Die Herausgebenrin eines Anzeigenblattes hatte hierzu einen Aufkleber mit dem Text „Bitte keine einzelnen Werbeprospekte und kostenlosen Zeitungen zustellen. Nur …“ entworfen. Dieser sollte von den eigenen Kunden auf den Briefkasten geklebt werden.
Hiergegen wendete sich die Inhaberin einer anderen Anzeigenzeitschrift und machte geltend, der Aufkleber sei unlauter und verstosse gegen das Wettbewerbsrecht. Zu Recht?
Die Entscheidung
Der Sachverhalt lag dem OLG Brandenburg in zweiter Instanz zur Entscheidung vor. Die Klägerin argumentierte, das verteilen der Aufkleber stellt eine gezielte Behinderung von ihr als Wettbewerberin im Sinne von § 4 Nr. 10 UWG dar und sei damit eine unlautere geschäftliche Handlung. Die Beklagte fördere ihr eigenes Produkt nicht durch Mittel des Leistungswettbewerbs, sondern alleine durch die Reduktion der Absatzmöglichkeiten von ihr als Mitbewerberin.
Sie habe keine andere realistische Möglichkeit eines Zuganges zu den Endkunden. Es sei beispielsweise unrealistisch sie darauf zu verweisen, sie könne ihre Werbezeitschriften doch an öffentlichen Orten oder in Geschäften, Cafés oder Tankstellen auslegen. Dieses würde von den Endkunden nicht akzeptiert.
Durch den von der Beklagten verteilten Aufkleber würde der Klägerin zu dem der Zugang zu ihren eigentlichen Kunden, den Werbung schaltenden Unternehmen, in unlauterer Weise verwehrt. Für diese Unternehmen sei alleine entscheident, welche Reichweite die Anzeigenzeitschriften aufweisen würden.
Die Beklagte argumentierte, sie habe lediglich auf den Wunsch ihrer Leser reagiert, im Briefkasten Ordnung zu schaffen. Der Aufkleber sei zudem eine Werbemaßnahme für die eigene Anzeigezeitschrift. Eine sich aus dem Aufkleber ergebende Sperrwirkung für die von der Klägerin herausgegebene Zeitschrift sei lediglich ein wettbewerbsrechtlich zulässiger Reflex.
Sowohl das erstinstanzliche Landgericht Frankfurt (Oder) als auch das OLG Brandenburg folgten der Argumentation der Klägerin und gaben der Klage in vollem Umfang statt. Hierbei betonte das Oberlandesgericht ausdrücklich, dass es nicht darauf ankommt, wie viele der Aufkleber tatsächlich verwendet, also auf Briefkästen aufgeklebt worden sind. Alleine die abstrakte Eignung einer geschäftlichen Handlung zur Behinderung eines Mitbewerbers ist ausreichend, um die Werbemaßnahme als unlauter zu qualifizieren.

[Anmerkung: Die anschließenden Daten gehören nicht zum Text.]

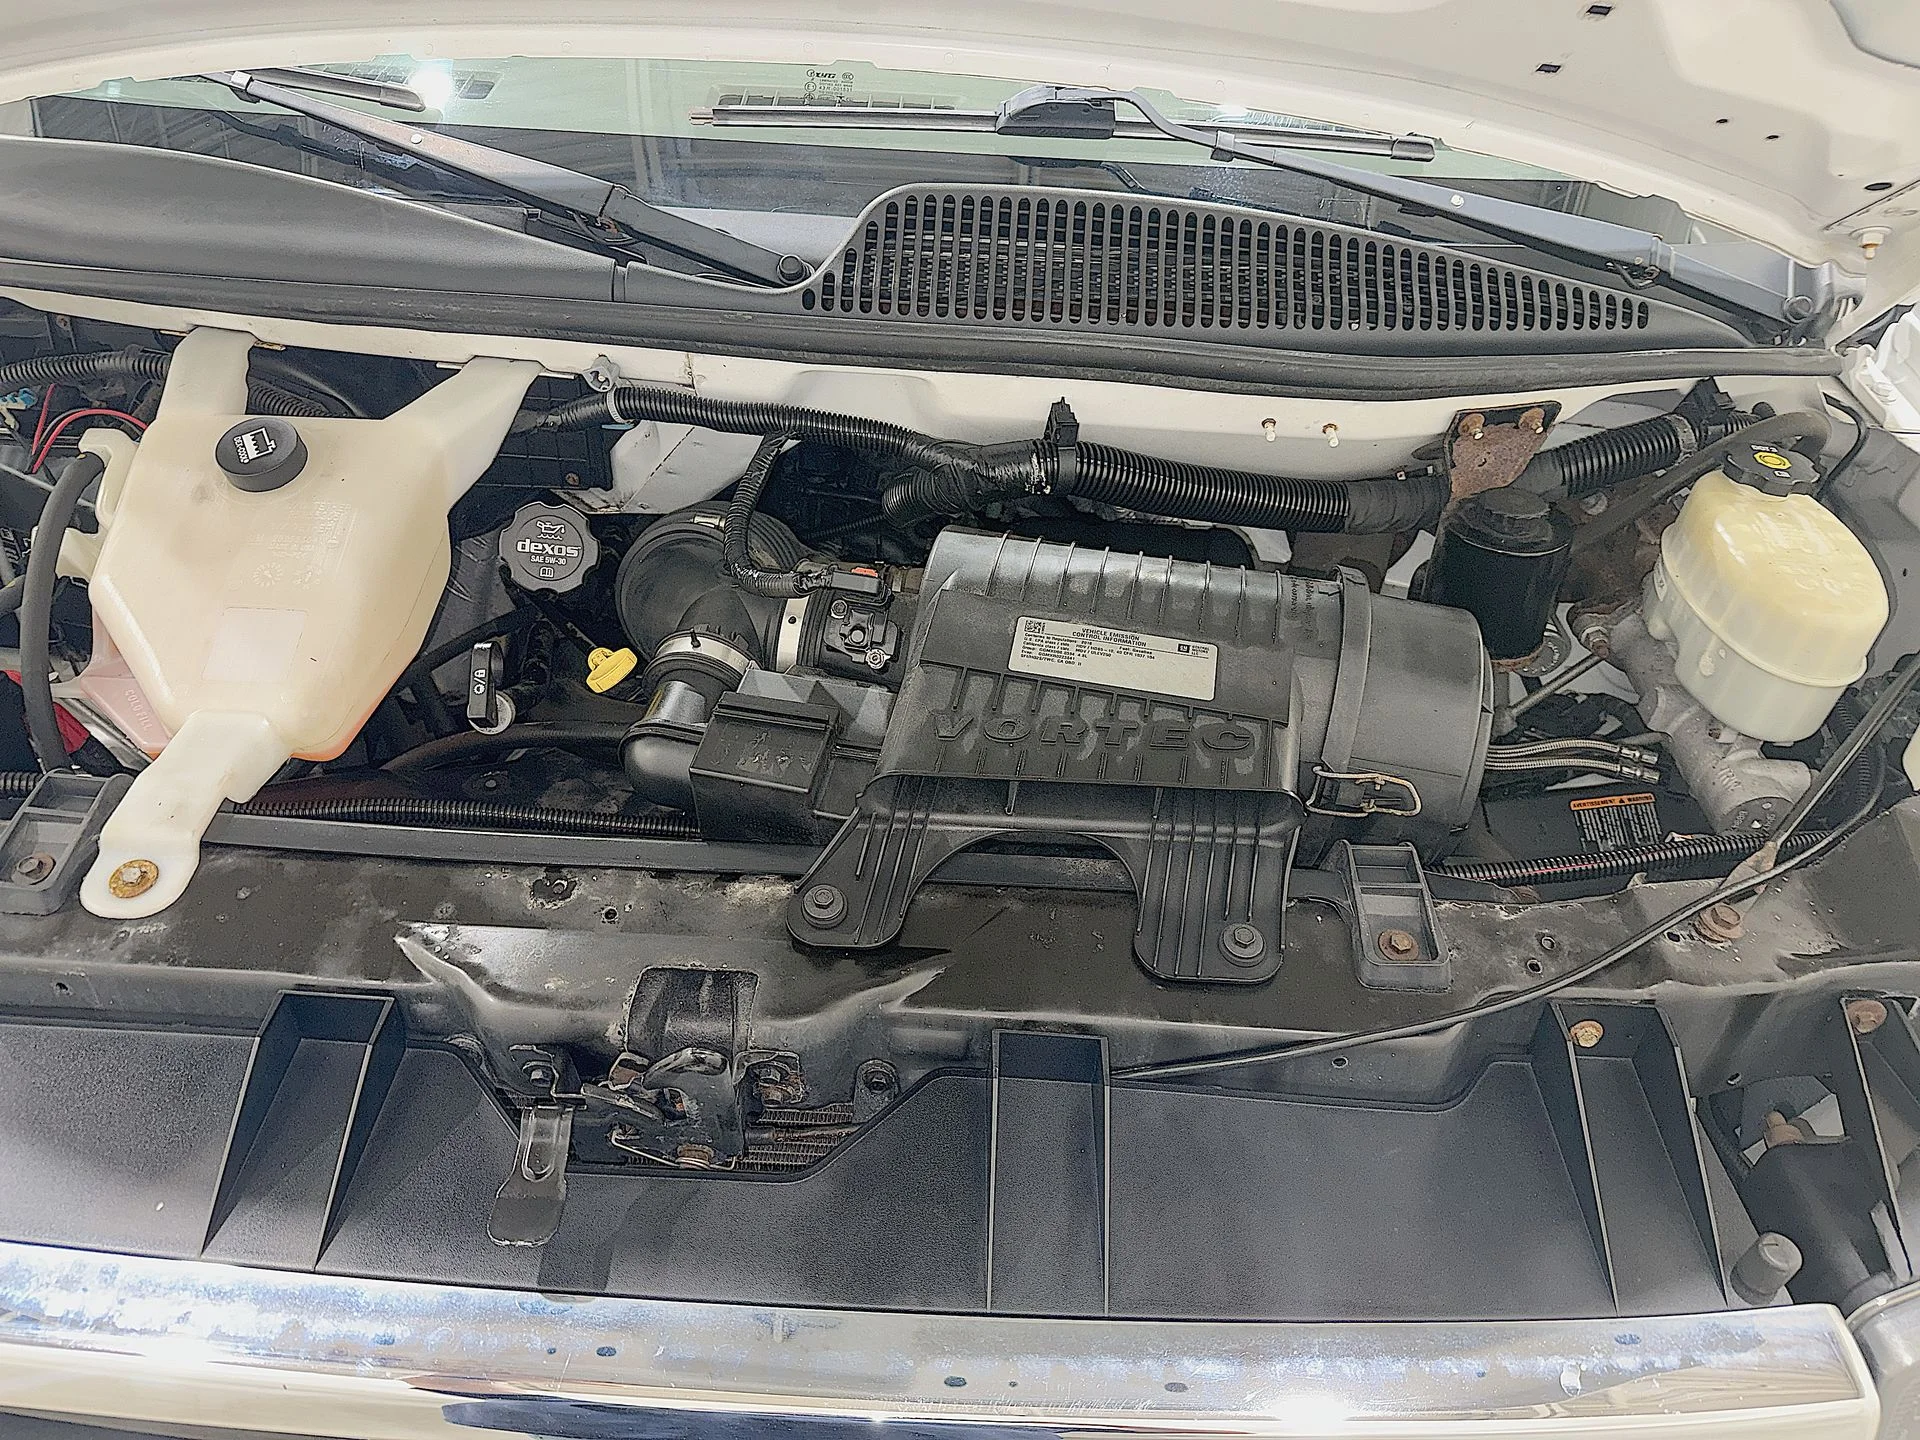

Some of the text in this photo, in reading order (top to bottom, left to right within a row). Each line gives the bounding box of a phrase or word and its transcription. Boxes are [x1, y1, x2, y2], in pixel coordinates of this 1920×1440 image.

[516, 538, 580, 558] dexos
[530, 555, 567, 566] SAE 5W-30
[1072, 632, 1146, 646] CONTROL INFORMATION
[1082, 628, 1140, 641] VEHICLE EMISSION
[934, 713, 1255, 750] VORTEC
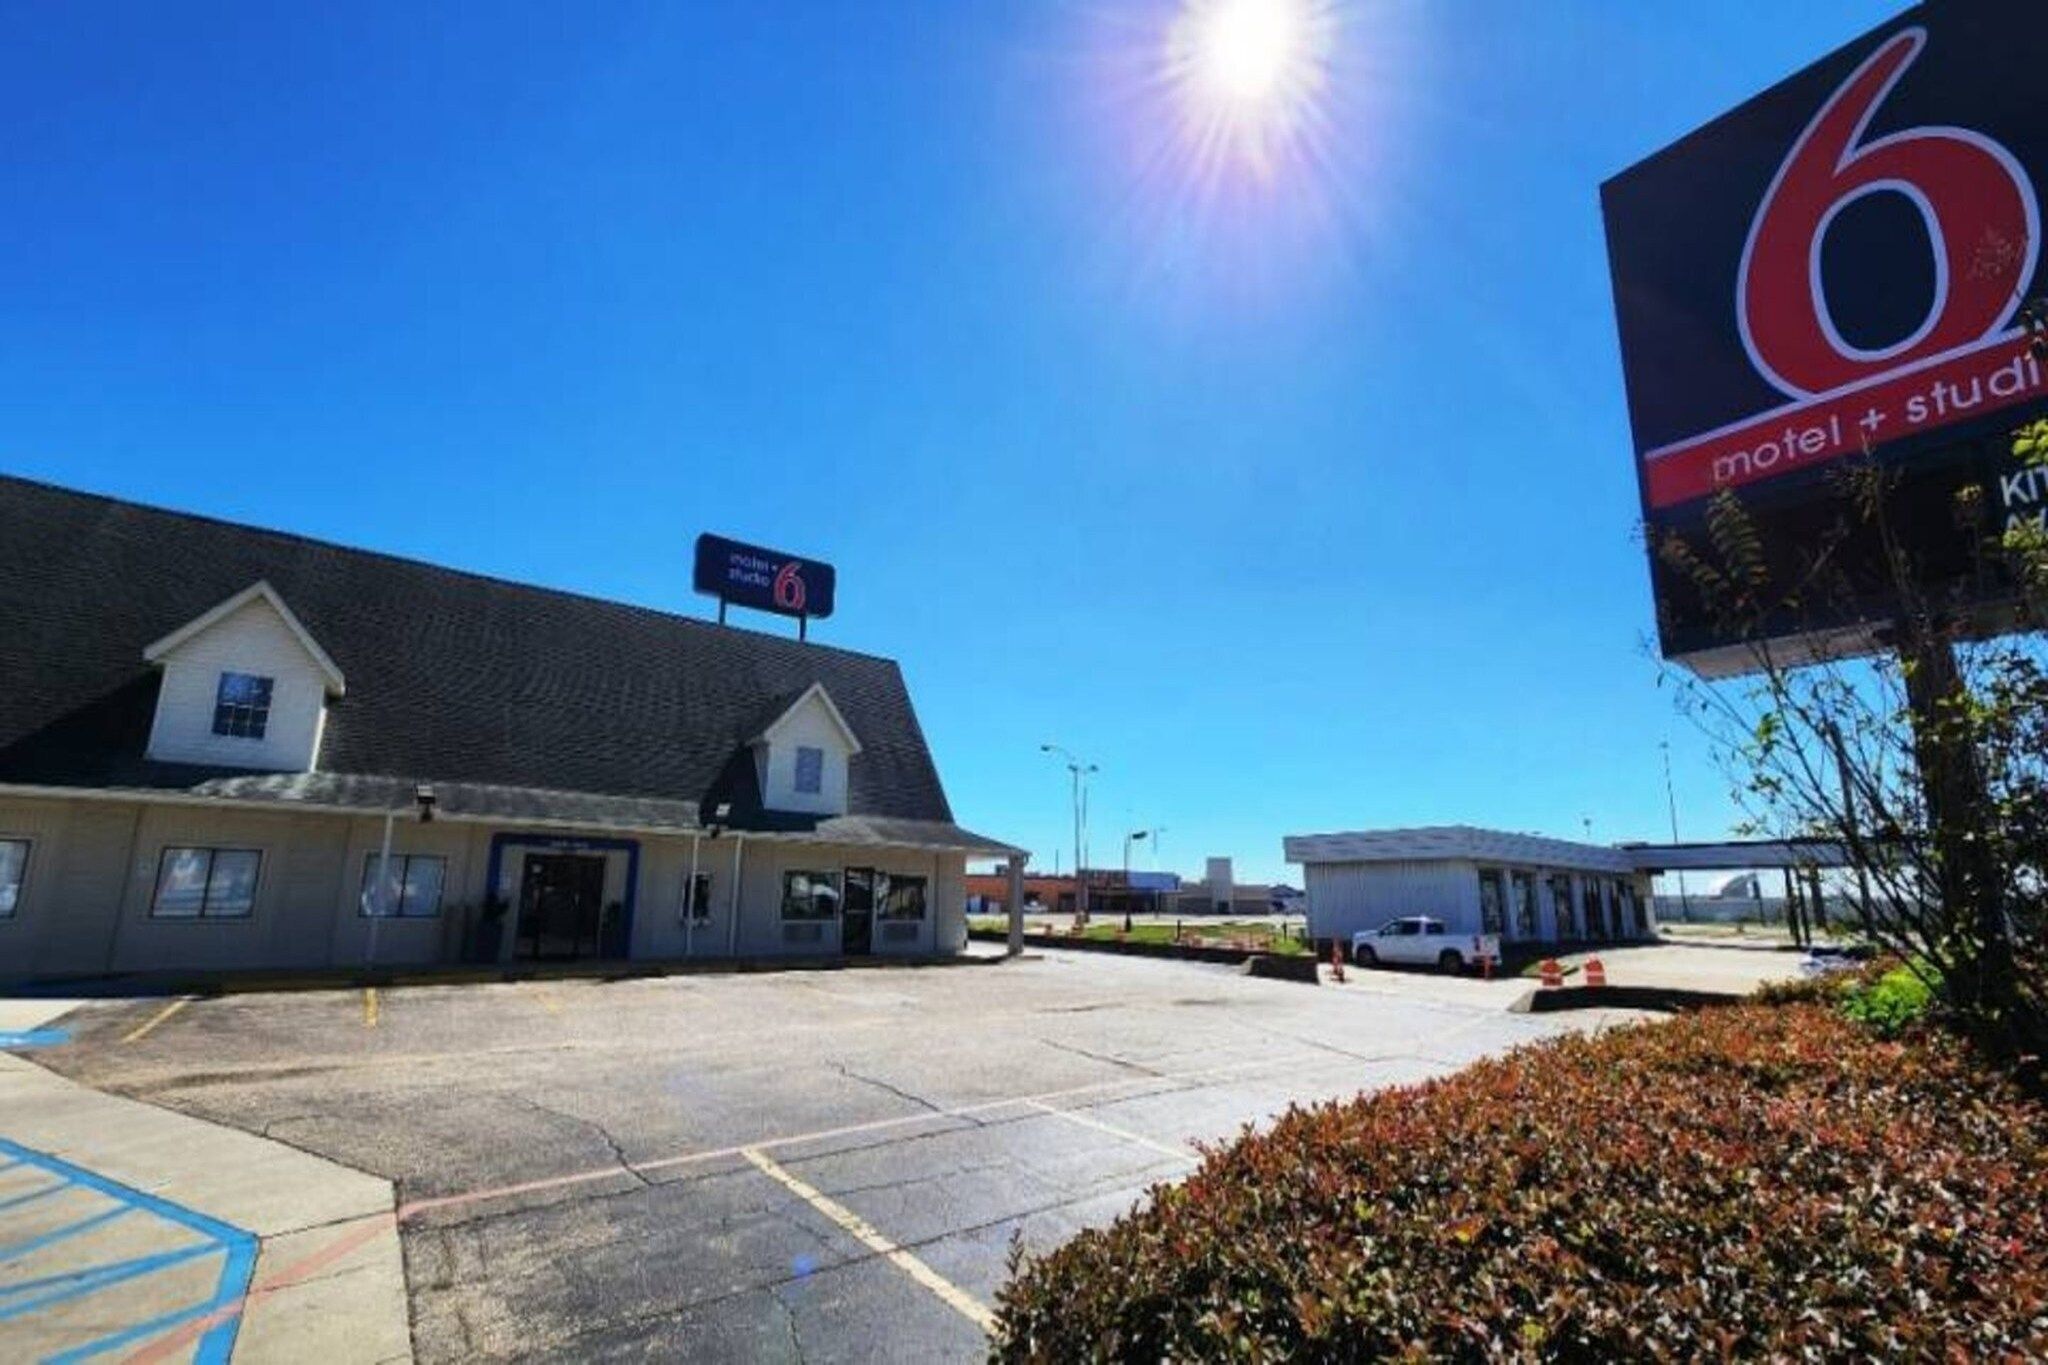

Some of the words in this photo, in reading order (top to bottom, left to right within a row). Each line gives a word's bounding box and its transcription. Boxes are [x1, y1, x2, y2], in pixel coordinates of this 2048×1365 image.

[1736, 26, 2041, 401] 6
[1712, 414, 1842, 483] motel
[1906, 353, 2041, 423] studi
[774, 562, 806, 610] 6

Die Behinderung sei auch zielgerichtet, weil der beeinträchtigte Mitbewerber seine Leistung am Markt nicht mehr durch eigene Anstrengung in angemessener Weise zur Geltung bringen könne. Der Leistungswettbewerb sei durch die Verhinderung des Zuganges zum Endkunden gerade ausgeschaltet worden.
Die Praxisempfehlung
Prüfen Sie bei Werbemaßnahmen auch, ob diese abstrakt dazu geeignet ist, Wettbewerber gezielt zu behindern. Lassen Sie sich in Zweifelsfällen durch einen Fachwanwalt für gewerblichen Rechtsschutz beraten.
Wir stehen Ihnen gerne jederzeit beratend zur Verfügung. Sprechen Sie uns an!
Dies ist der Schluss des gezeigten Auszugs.